--- START ---

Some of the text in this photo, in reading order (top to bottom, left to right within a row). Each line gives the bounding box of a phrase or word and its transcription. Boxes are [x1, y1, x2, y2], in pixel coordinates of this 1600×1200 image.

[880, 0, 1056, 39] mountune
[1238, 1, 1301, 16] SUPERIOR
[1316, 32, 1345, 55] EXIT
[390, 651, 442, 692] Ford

--- END ---
--- START ---

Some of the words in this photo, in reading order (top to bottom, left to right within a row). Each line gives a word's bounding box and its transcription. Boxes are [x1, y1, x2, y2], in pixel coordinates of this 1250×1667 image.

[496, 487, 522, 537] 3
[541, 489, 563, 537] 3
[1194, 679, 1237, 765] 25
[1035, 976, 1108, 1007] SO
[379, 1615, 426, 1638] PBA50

--- END ---
--- START ---

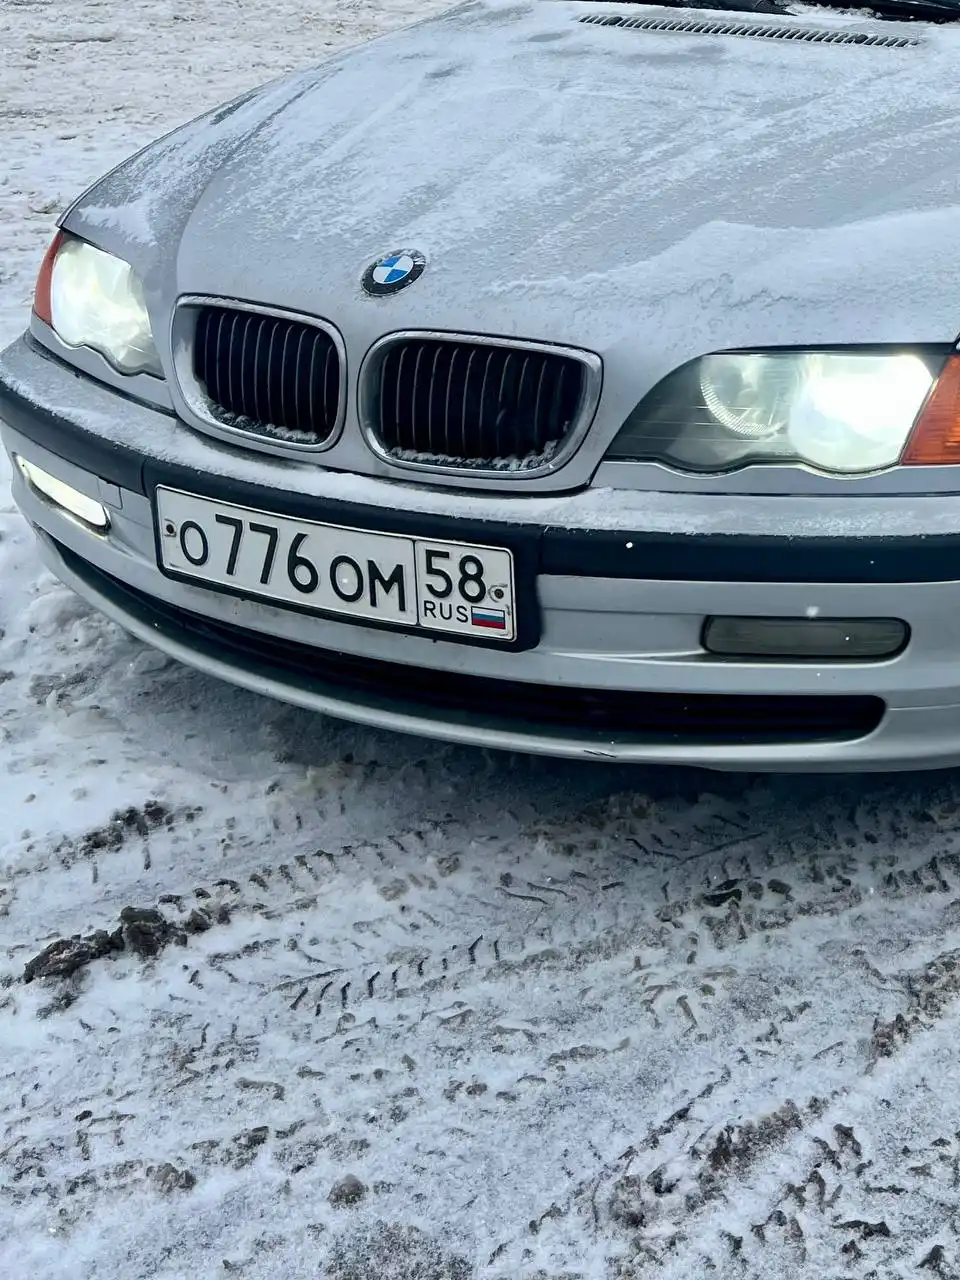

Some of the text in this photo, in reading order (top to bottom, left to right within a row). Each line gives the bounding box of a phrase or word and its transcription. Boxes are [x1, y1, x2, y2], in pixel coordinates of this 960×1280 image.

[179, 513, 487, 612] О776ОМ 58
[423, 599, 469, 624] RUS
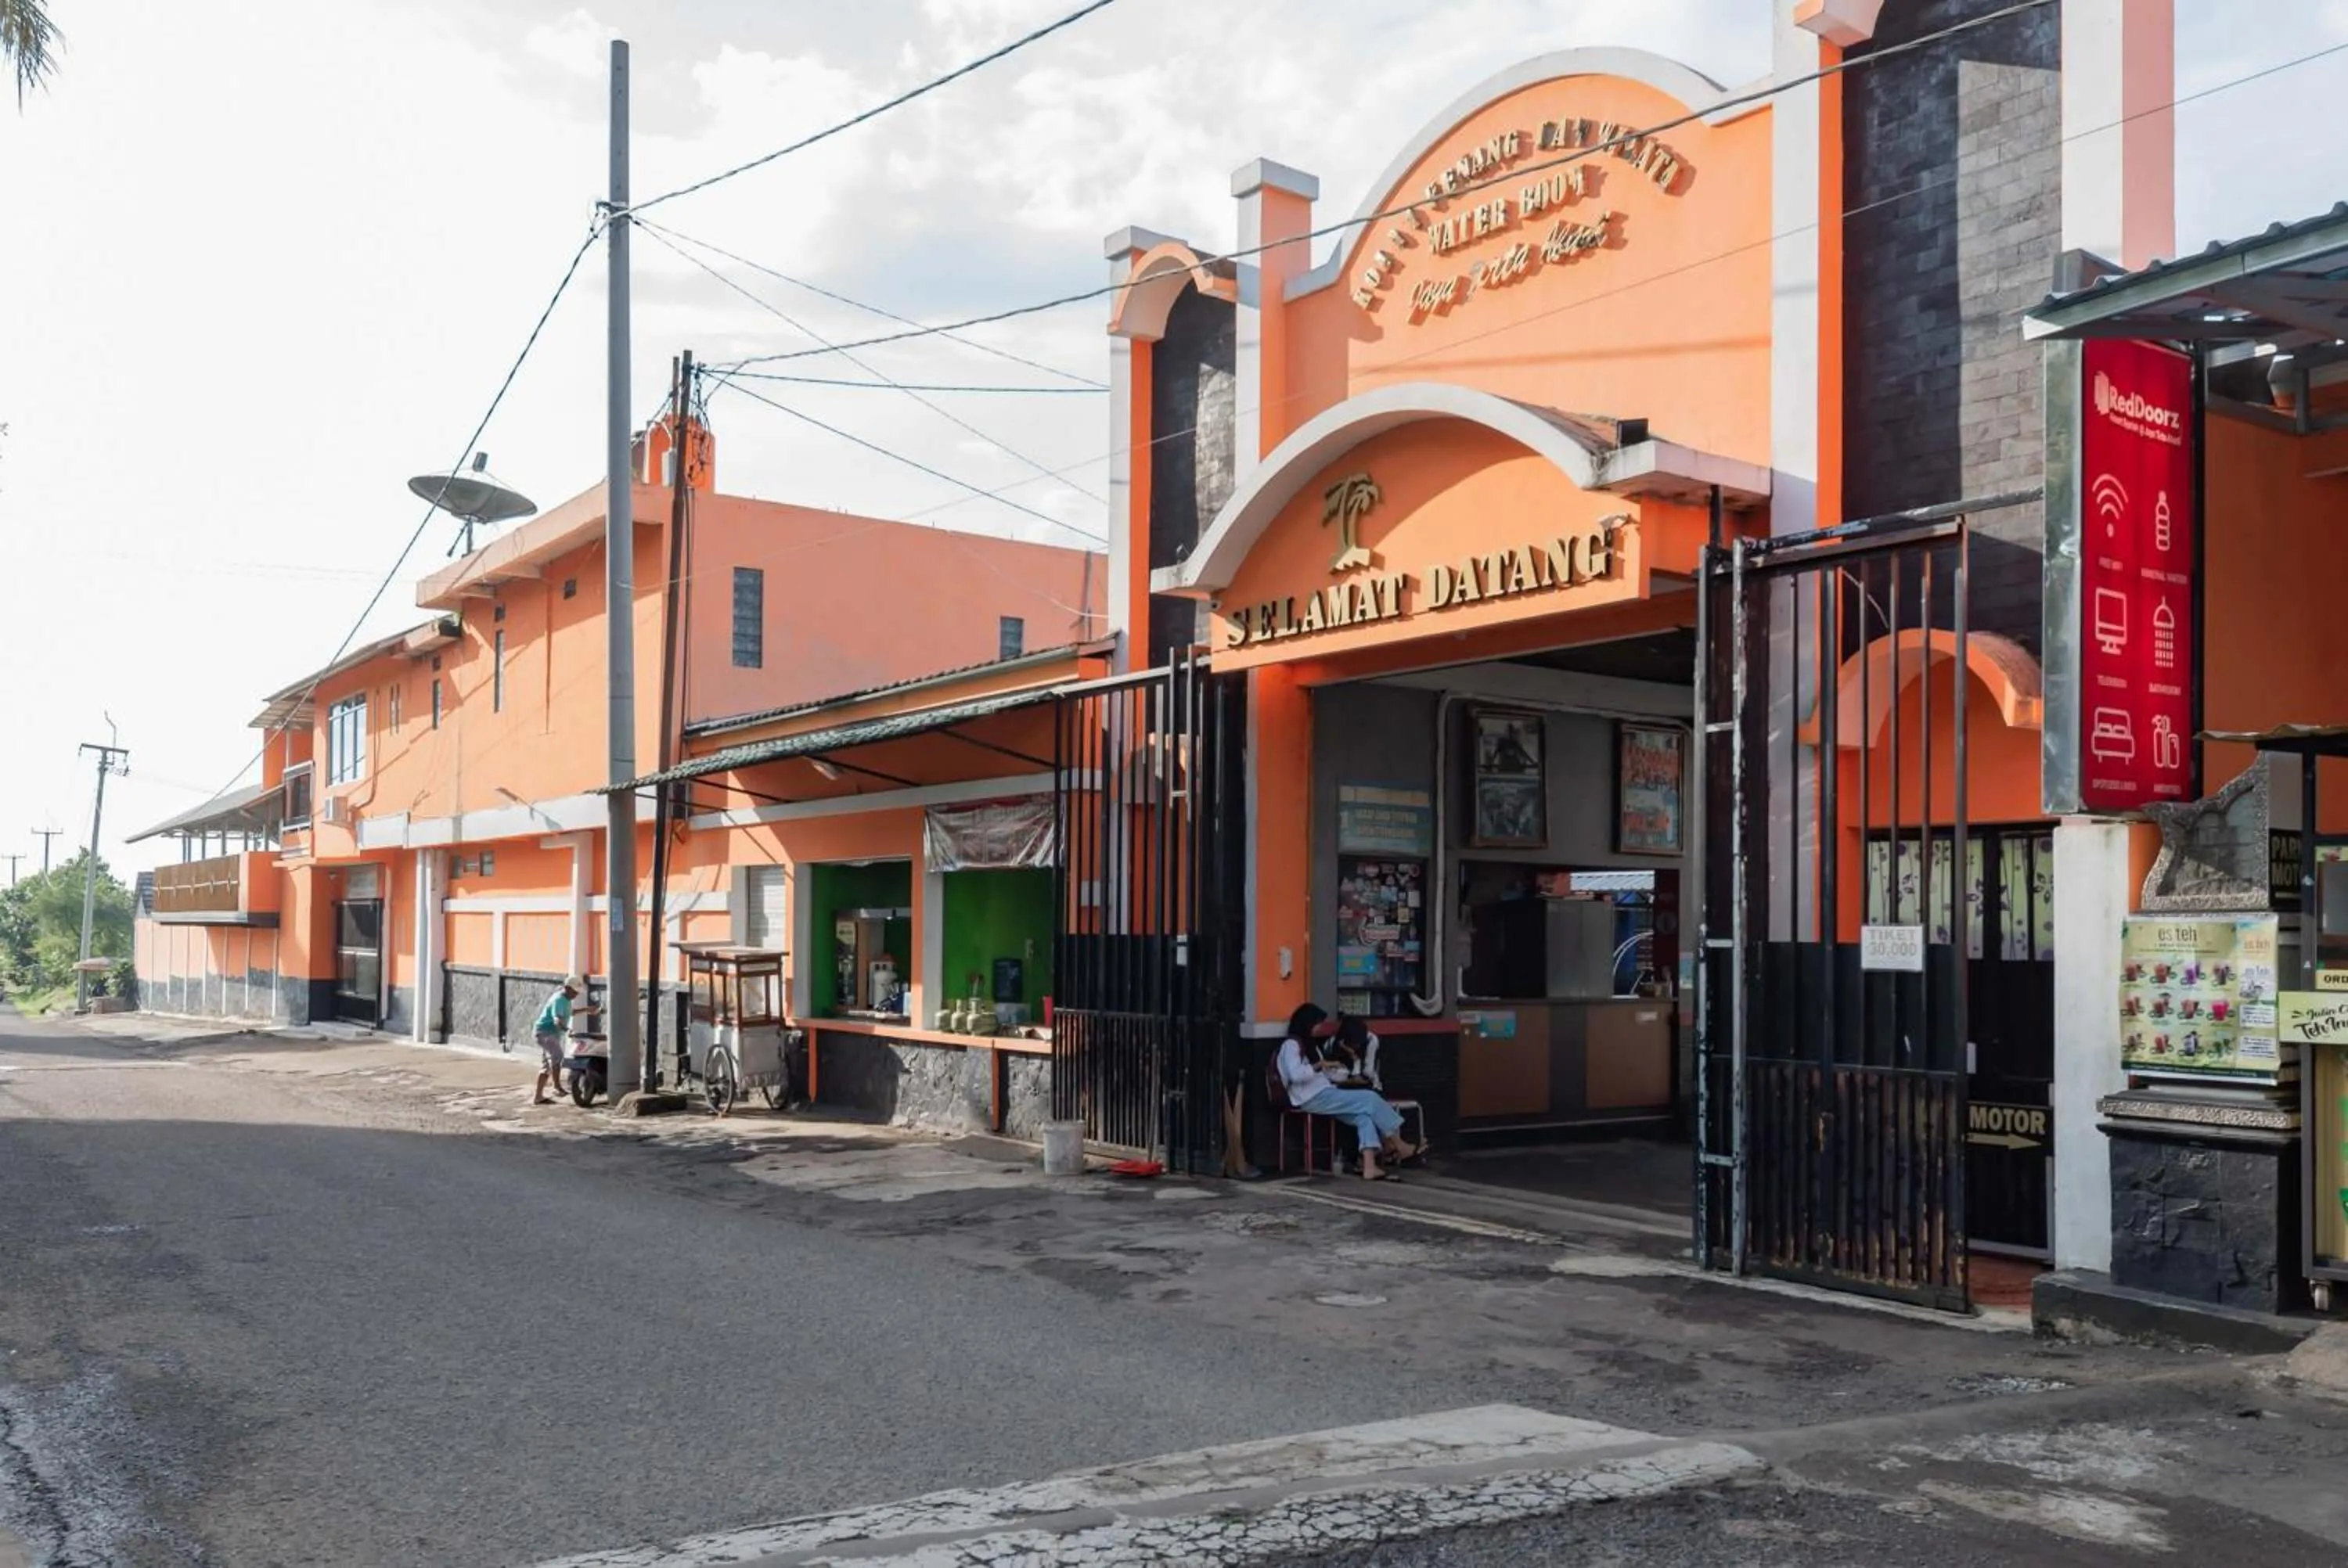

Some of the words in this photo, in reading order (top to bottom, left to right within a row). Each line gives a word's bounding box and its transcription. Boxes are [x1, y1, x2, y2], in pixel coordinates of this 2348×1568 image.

--- END ---

(TASK)
Set the pictures aside and transcribe exactly the stretch of lines above, beginning with the one holding "this 960×1280 image." and ending with the one holding "this 2348×1568 image.".

(FINISHED TASK)
Some of the text in this photo, in reading order (top to bottom, left to right within a row). Each line gives the bounding box of a phrase or word and its transcription. Boxes are [x1, y1, x2, y2], in pixel coordinates of this 960×1280 image.

[179, 513, 487, 612] О776ОМ 58
[423, 599, 469, 624] RUS

Some of the words in this photo, in reading order (top to bottom, left to right within a row). Each line gives a word's bounding box and its transcription. Boxes are [x1, y1, x2, y2], in pixel coordinates of this 2348×1568 image.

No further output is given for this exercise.